Nuove conoscenze acquisite nell’ambito della genetica e dell’imaging potrebbero condurre a una revisione della vecchia classificazione delle cardiomiopatie. Lo ha detto Gianfranco Sinagra, direttore Dip. Cardiotoracovascolare della Scuola di Specializzazione in Malattie dell’Apparato Cardiovascolare dell’Asugi, a margine del convegno “Novità su scompenso cardiaco e cardiomiopatie” in corso al Molo IV ieri e oggi, cui partecipano oltre 500 fra medici e specializzandi di varie scuole e regioni d’Italia.

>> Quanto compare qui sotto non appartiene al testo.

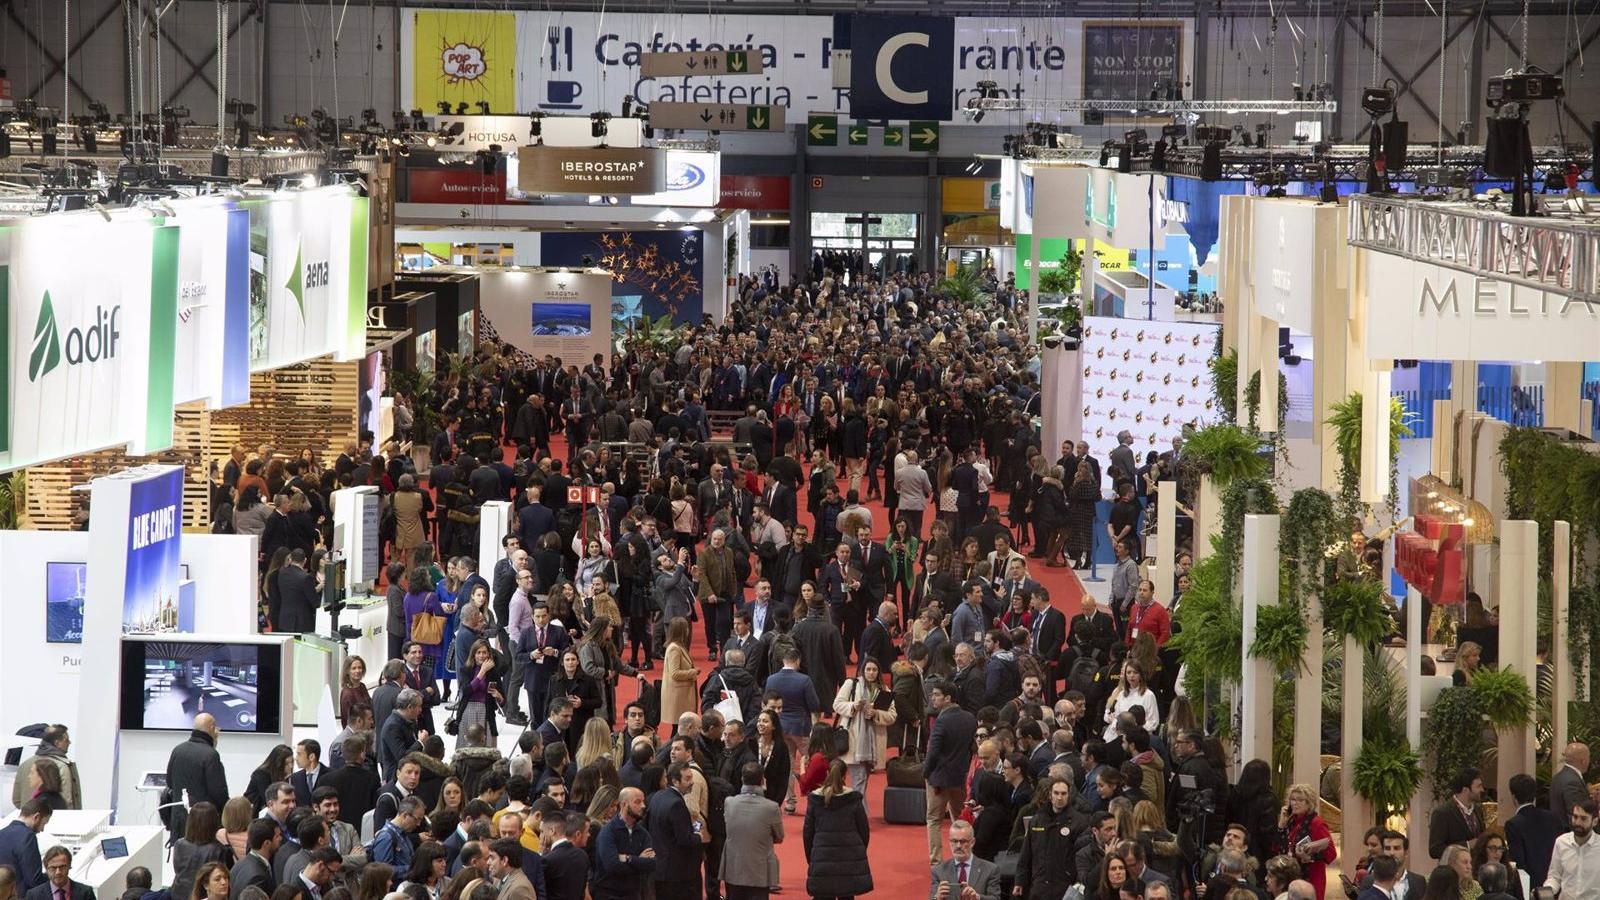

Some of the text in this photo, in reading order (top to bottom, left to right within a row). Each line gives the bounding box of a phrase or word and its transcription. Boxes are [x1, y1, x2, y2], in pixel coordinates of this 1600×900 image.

Un contributo alle nuove conoscenze in termini tecnologici e di ricerca, in parte sviluppate a Trieste, è offerto dal Registro sulle cardiomiopatie, database che contiene informazione su oltre 2mila pazienti arruolati negli ultimi 30 anni, il 50 per cento dei quali genotipizzati.
Si tratta di elementi che servono a valutare “in maniera multiparametrica il malato e stabilire per lui nel modo più preciso possibile la terapia non solo specifica per la causa ma anche per le caratteristiche – ha spiegato Sinagra – Per quanto riguarda inoltre la correzione del rischio di aritmie, permettono di stabilire anche la terapia più specifica per alcuni genotipi giudicati ‘più cattivi’, cioè alcune mutazioni di geni che maggiormente si caratterizzano in aritmie maligne potenzialmente più pericolose per la vita della persona. Questi soggetti anche dalla fase di genotipizzazione potrebbero avere un orientamento a dei dispositivi che si chiamano defibrillatori impiantabili, che servono a riconoscere e interrompere aritmie“, ha spiegato.
“Le cardiomiopatie sono caratterizzate dalla giovane età dei pazienti e dalla frequente aggregazione familiare“, che lo studio della genetica ha aiutato a chiarire.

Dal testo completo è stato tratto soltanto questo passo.